Having found the line that contains "Some of the words", please retype only it and every line after it up to the end of the entries, exactly as written.

[DATA LISTING]

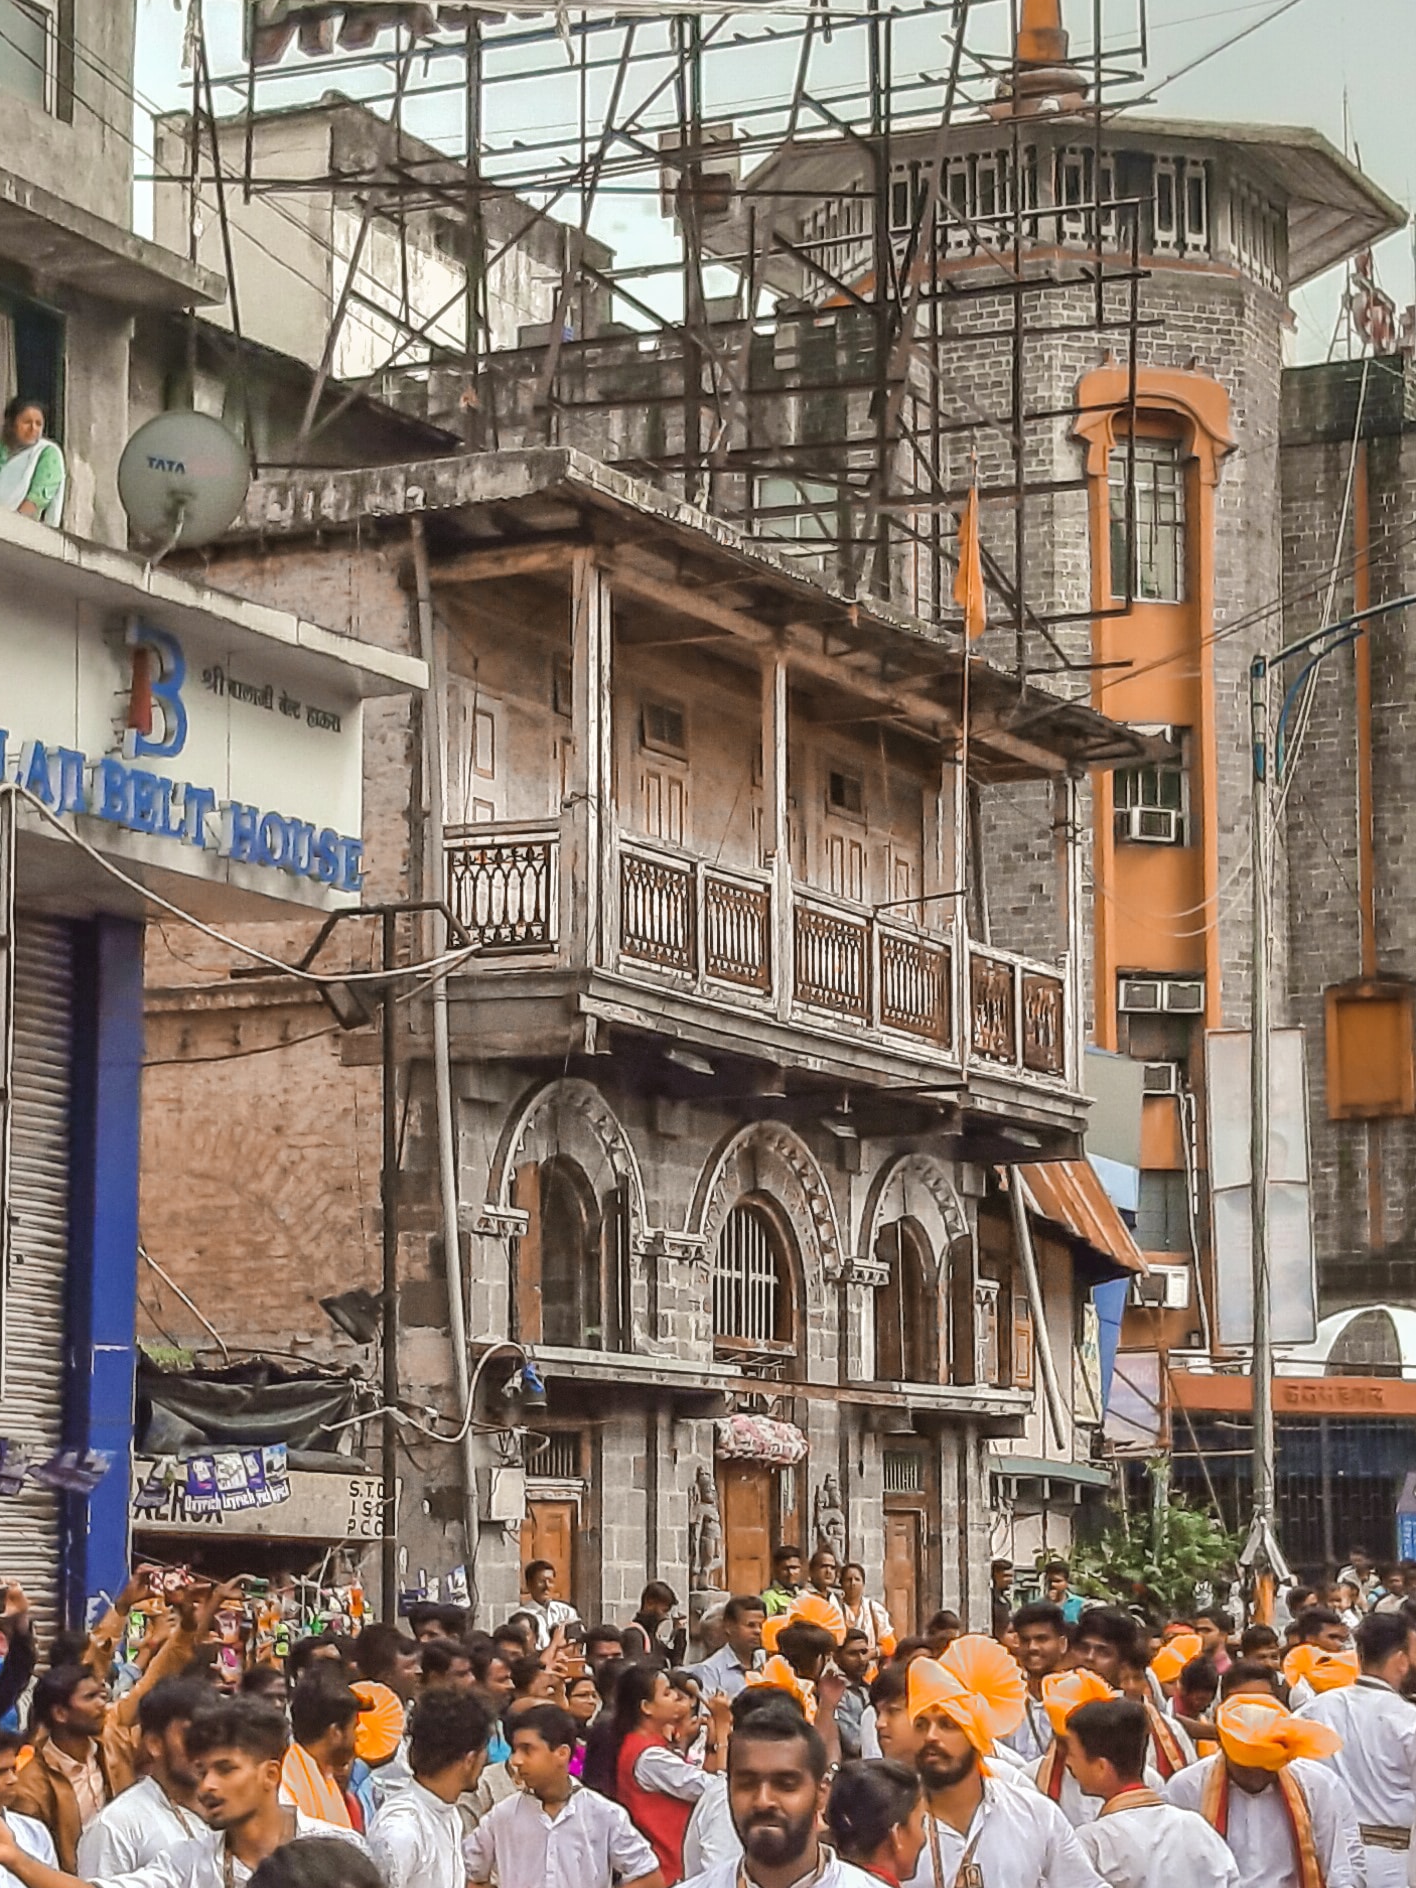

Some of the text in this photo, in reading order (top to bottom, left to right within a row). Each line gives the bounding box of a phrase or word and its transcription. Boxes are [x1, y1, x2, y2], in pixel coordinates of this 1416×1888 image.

[147, 457, 186, 474] TATA
[97, 757, 216, 847] BELT
[222, 800, 364, 892] HOUSE
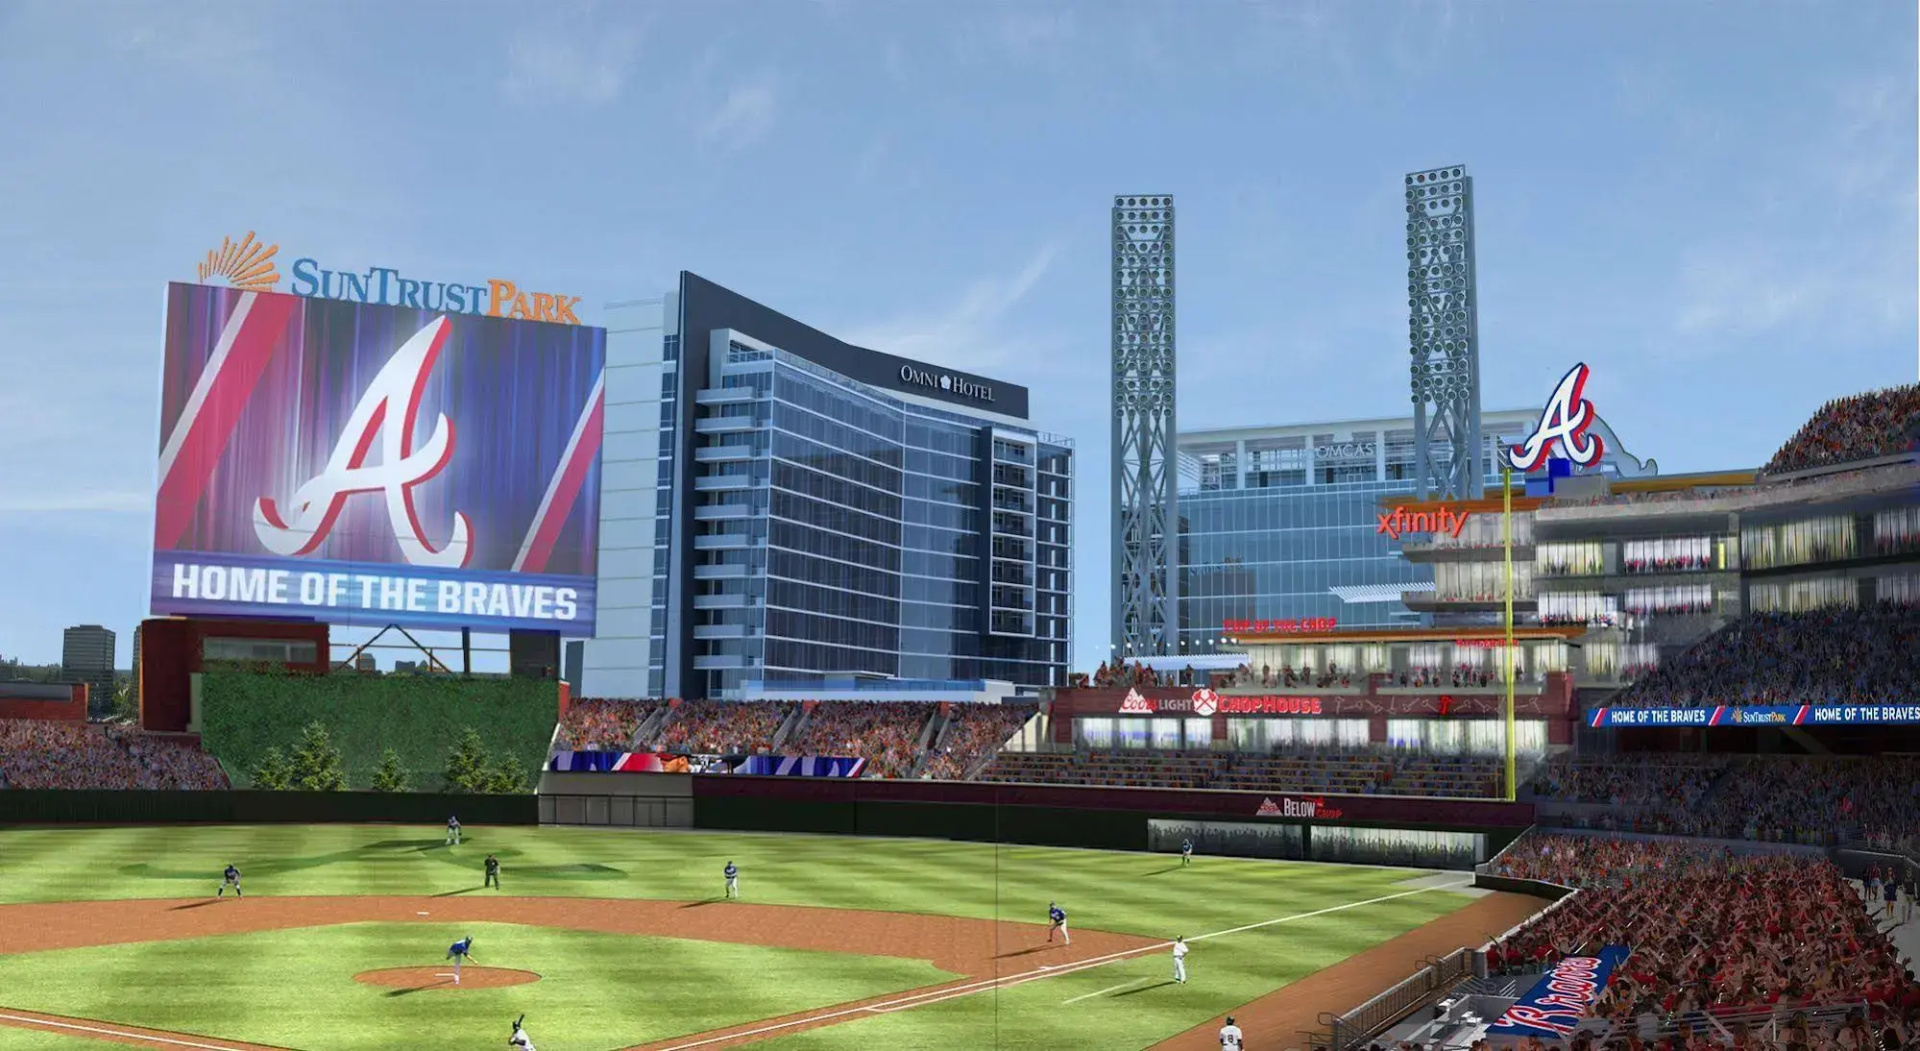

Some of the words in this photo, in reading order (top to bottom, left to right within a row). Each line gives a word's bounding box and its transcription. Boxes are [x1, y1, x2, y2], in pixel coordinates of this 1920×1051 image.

[900, 365, 938, 389] OMNI
[952, 376, 996, 402] HOTEL
[1376, 506, 1471, 540] xfinity
[172, 563, 290, 604] HOME
[300, 571, 351, 608] OF
[350, 574, 428, 613] THE
[437, 579, 578, 621] BRAVES
[1158, 698, 1193, 712] LIGHT
[1814, 707, 1842, 721] HOME
[1844, 707, 1857, 721] OF
[1859, 707, 1880, 721] THE
[1882, 706, 1920, 721] BRAVES
[1611, 710, 1636, 723] HOME
[1637, 710, 1649, 723] OF
[1651, 710, 1669, 723] THE
[1670, 709, 1706, 723] BRAVES
[1283, 797, 1316, 818] BELOW

[/DATA LISTING]

=== REPLY TO THE TASK ===
Some of the words in this photo, in reading order (top to bottom, left to right within a row). Each line gives a word's bounding box and its transcription. Boxes are [x1, y1, x2, y2], in pixel coordinates of this 1920×1051 image.

[900, 365, 938, 389] OMNI
[952, 376, 996, 402] HOTEL
[1376, 506, 1471, 540] xfinity
[172, 563, 290, 604] HOME
[300, 571, 351, 608] OF
[350, 574, 428, 613] THE
[437, 579, 578, 621] BRAVES
[1158, 698, 1193, 712] LIGHT
[1814, 707, 1842, 721] HOME
[1844, 707, 1857, 721] OF
[1859, 707, 1880, 721] THE
[1882, 706, 1920, 721] BRAVES
[1611, 710, 1636, 723] HOME
[1637, 710, 1649, 723] OF
[1651, 710, 1669, 723] THE
[1670, 709, 1706, 723] BRAVES
[1283, 797, 1316, 818] BELOW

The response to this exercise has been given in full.